## [GOAL OF THE EXERCISE]
Only the records, exactly as written, belong in the answer; pictures do not.
- Opening Delimiter -
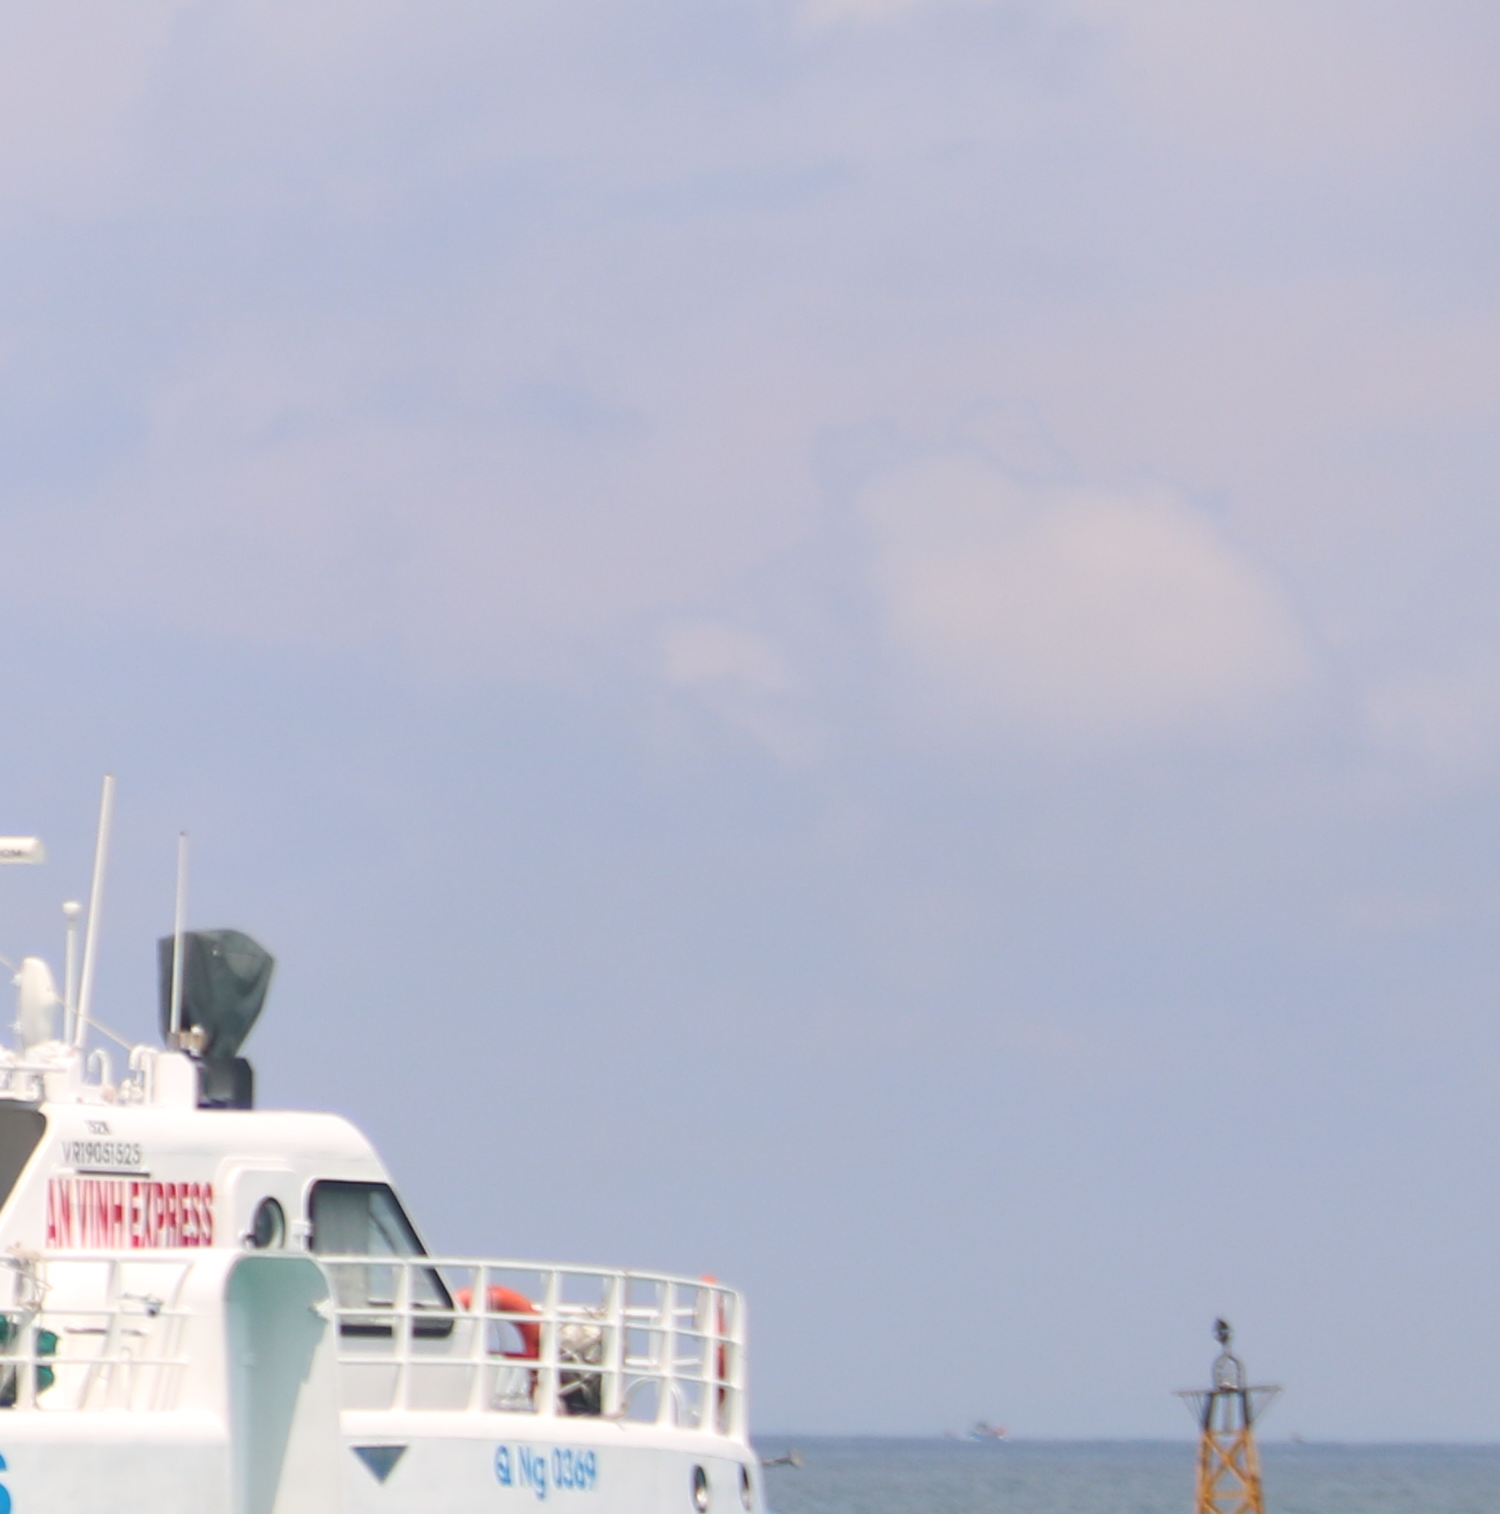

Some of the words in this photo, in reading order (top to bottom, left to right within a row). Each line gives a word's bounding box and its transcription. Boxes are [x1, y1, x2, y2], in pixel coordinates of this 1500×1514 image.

[46, 1179, 71, 1248] AN
[128, 1181, 213, 1248] EXPRESS
[517, 1445, 546, 1500] Ng
[552, 1447, 597, 1490] 0369
- Closing Delimiter -
## [RESPONSE TO THE TASK]
Some of the words in this photo, in reading order (top to bottom, left to right within a row). Each line gives a word's bounding box and its transcription. Boxes are [x1, y1, x2, y2], in pixel coordinates of this 1500×1514 image.

[46, 1179, 71, 1248] AN
[128, 1181, 213, 1248] EXPRESS
[517, 1445, 546, 1500] Ng
[552, 1447, 597, 1490] 0369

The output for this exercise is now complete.